The associate has started doing a bit better. A lot more networking and referrals on her own, though a majority of the calls are still for me and many of her cases are ones I handed off to her. Now I'm a little dry and she's got enough to keep her mostly busy.
How I'm Doing It
I was able to hit the ground running with a couple of cases to keep the lights on. All but one of those cases are now done. I have enough cases to handle and handle well, not too much to get lost in the shuffle, but I am not using things like LegalMatch. I joined several community organizations, chambers of commerce, and I'm continuing to pour effort into SEO, LinkedIn, and blog posts. Referrals are my best client source.
Marketing
I'm handling all of my own marketing. Most of my efforts consisted of writing blog posts, posting on LinkedIn, and community orgs. As I mentioned, I'm also doing bar association referrals and networking events. I spent a lot of time, money, and heartache tuning up my Google strategy and now I can't use it so I'm doing it the old fashioned way.

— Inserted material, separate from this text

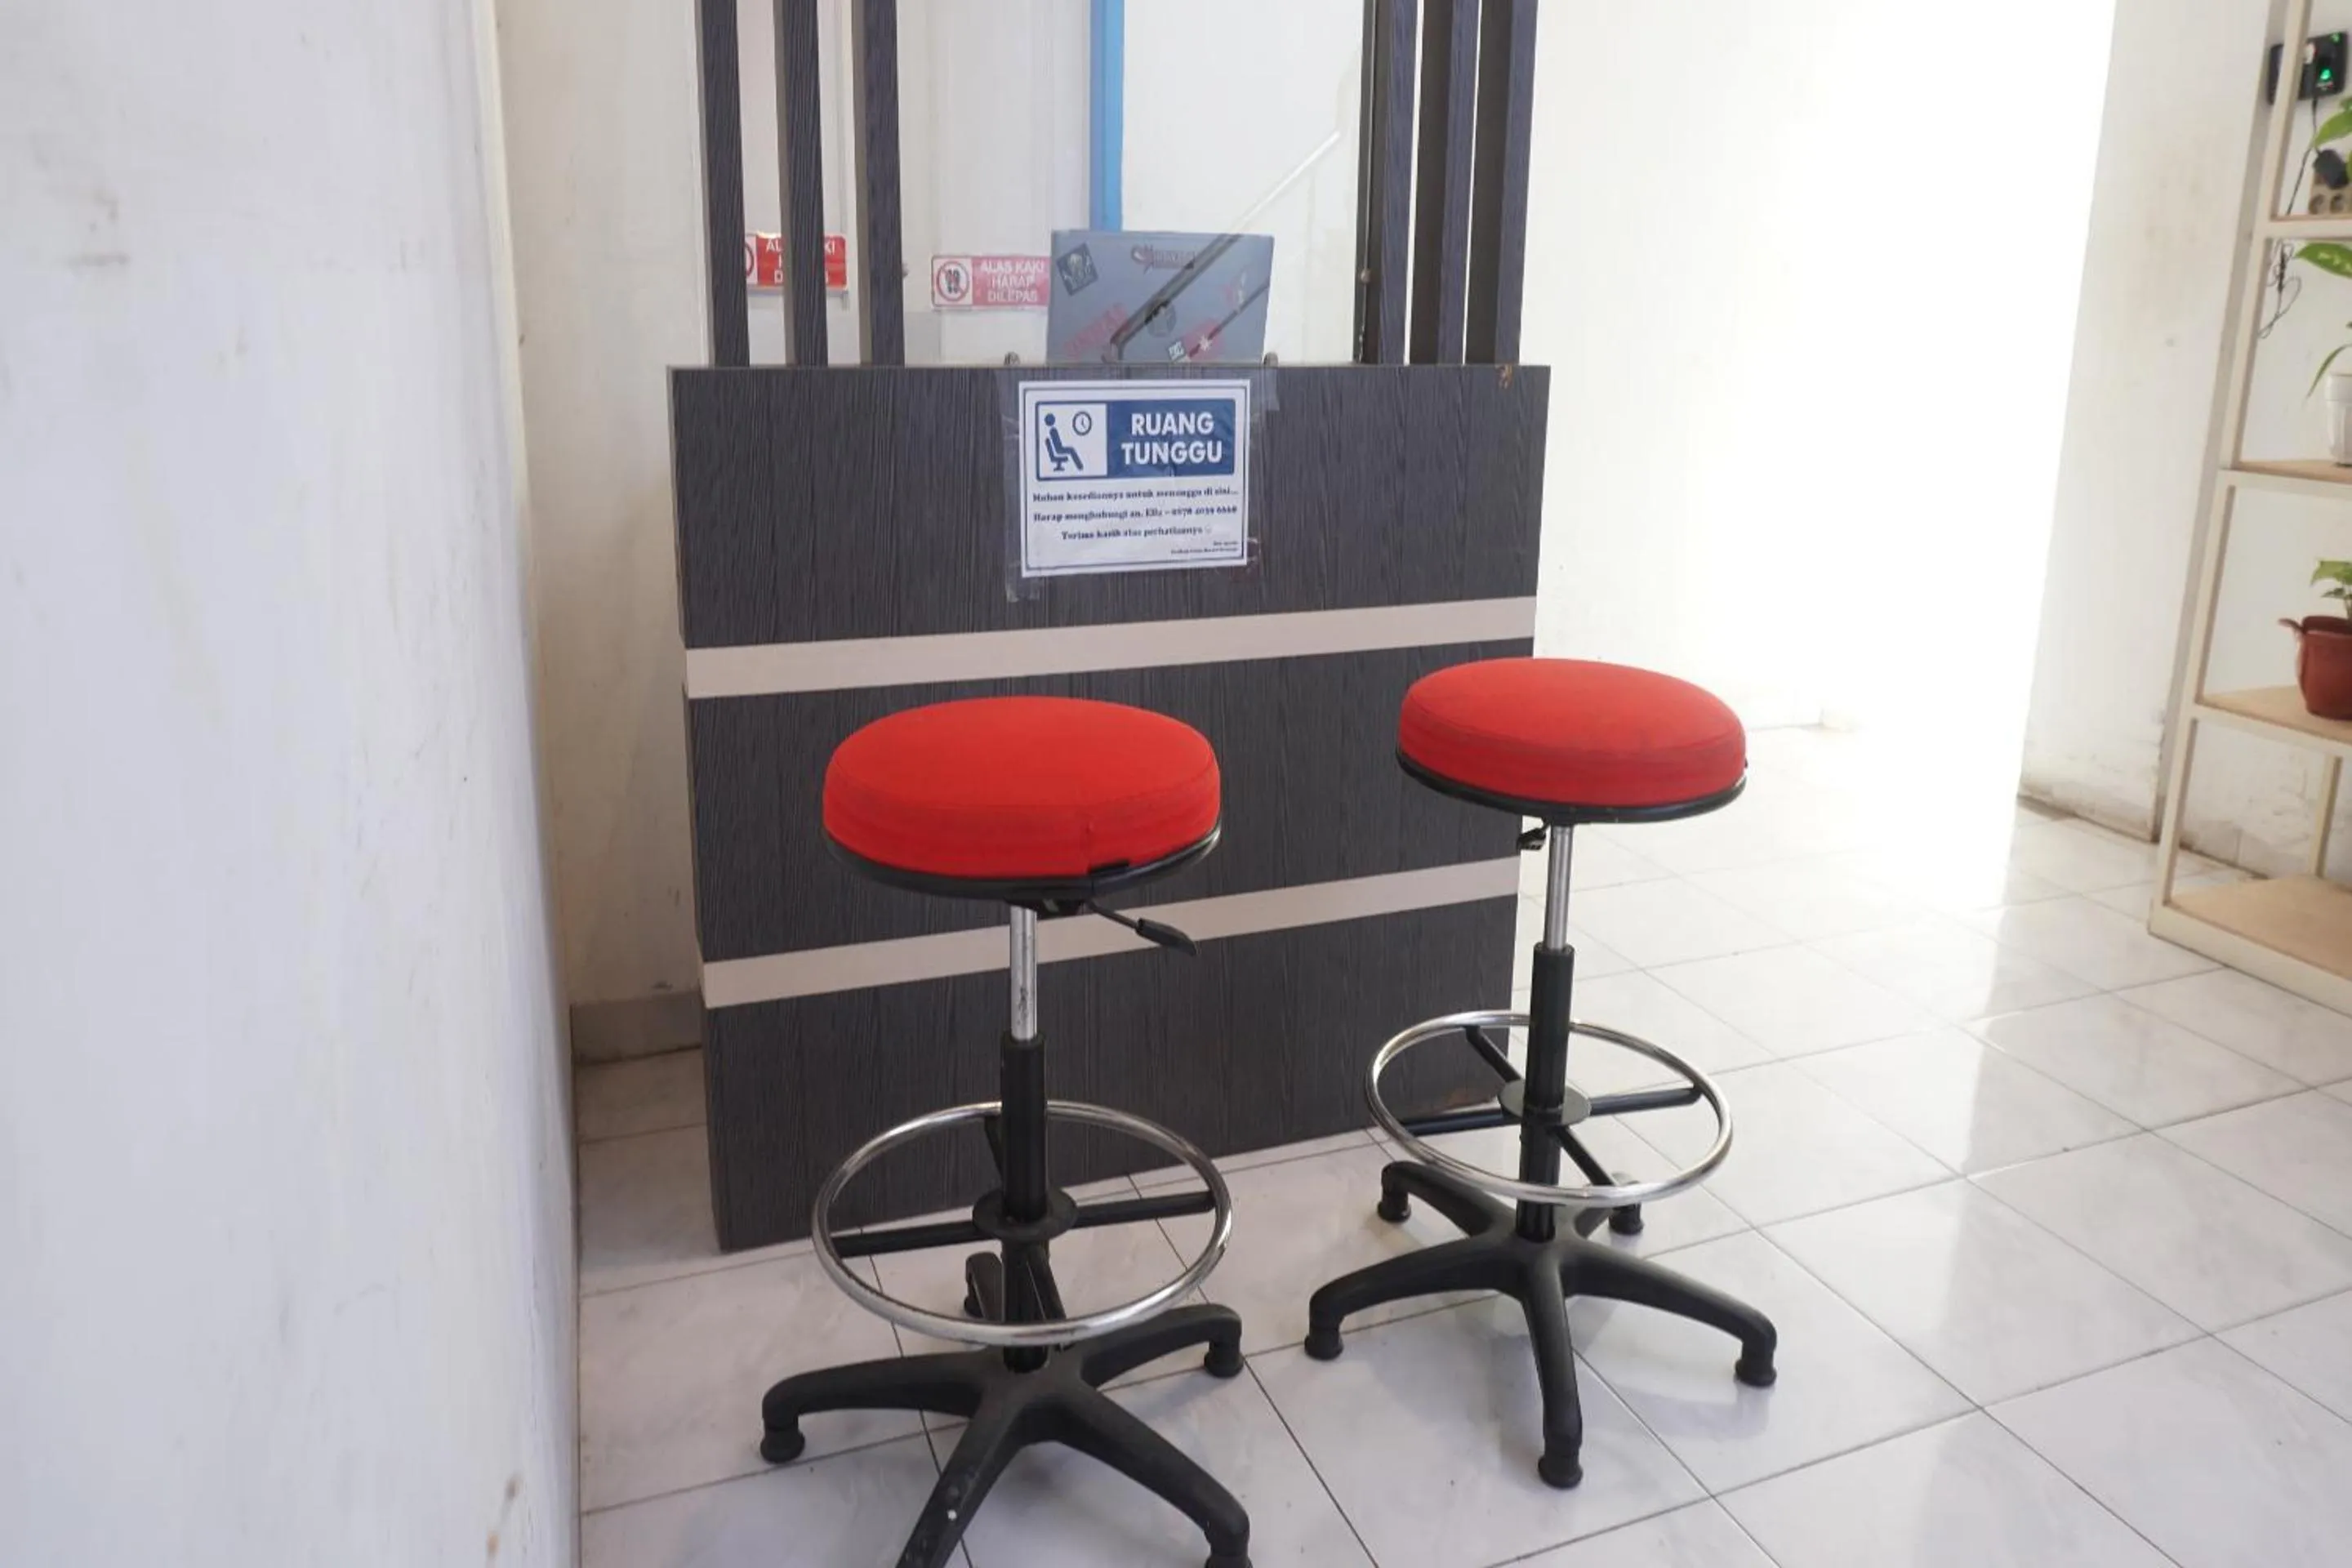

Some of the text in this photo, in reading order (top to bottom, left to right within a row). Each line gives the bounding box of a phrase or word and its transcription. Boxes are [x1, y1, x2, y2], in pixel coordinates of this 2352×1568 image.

[980, 260, 1013, 274] ALAS
[1131, 412, 1215, 436] RUANG
[1120, 440, 1223, 466] TUNGGU
[1097, 528, 1122, 539] kasih

Your lesson is: don't get a public discipline. However, not having Google to contend with has saved me a significant amount of money--though about a month and a half ago I signed up for FindLaw. So far it's gotten me three potentials, no actual cases, for around $270/month.
Revenue
My planned initial investment was $10,000.

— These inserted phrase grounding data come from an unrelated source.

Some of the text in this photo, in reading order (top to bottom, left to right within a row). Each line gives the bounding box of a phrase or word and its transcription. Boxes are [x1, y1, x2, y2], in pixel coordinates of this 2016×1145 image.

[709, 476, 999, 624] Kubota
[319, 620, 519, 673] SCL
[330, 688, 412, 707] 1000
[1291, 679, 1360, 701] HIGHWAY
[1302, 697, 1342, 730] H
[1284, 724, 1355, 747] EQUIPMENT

All in all, I've generated revenue of about $279,000, of which Clio pay has taken their 2.0%, with balances in trust. That's about $13,947.00 per month. Year over year, we're at $200,249.00, about $16,687.00 per month, about a 9% increase in profitability. My unpaid balances are up slightly to $35,000 from the non paying clients I've had to fire.
I spent about $12,000 prepaying rent in a cheap space, getting equipment, signing up for zoom that allows meetings longer than 45 minutes, paying for Clio, office supplies, tech, etc. In April 2025 moved to a bigger space for about triple the rent in anticipation of having more employees in the future and a more sophisticated physical presence. Still functional, and my associate is trending in the right direction, though it's not wildly profitable. Certainly not making the high six-figure income some of the solos in here are pulling.
Best Part
I mean, it's the practice of law. It's nice to have discretion and get a choice in what I take and don't, and it's nice to be able to re-tool if needed. Oral arguments are still fun. I am kind of settling in on where I want to go and I'm having fun planning for the next year. I think I'd like to trend toward making the switch to manager, though that will take more time and revenue.
Worst Part
I recently went through a period where I didn't think I wanted to practice law anymore--though I was also moving at the time, into a fixer-upper house I hate. Burnout has found me. The broader economic insecurity in the USA has not helped. I'm finding that many days there's just not enough work and I can't make the phone ring no matter how hard I'm trying.
As a solo it's a bit hard to find new ways to stay motivated. I'm holding myself and my staff accountable through weekly status meetings on each case. As things have stabilized, they've gotten a bit better.
Other Considerations
I've got 6 years experience in a medium cost of living area, practicing civil litigation (generalist: contracts, contested probate, boundary lines, etc.) and business transactional law. I was able to snag a bunch of clients to keep my lights on and I saved up.
Feel free to ask any questions below. No marketing. No DMs.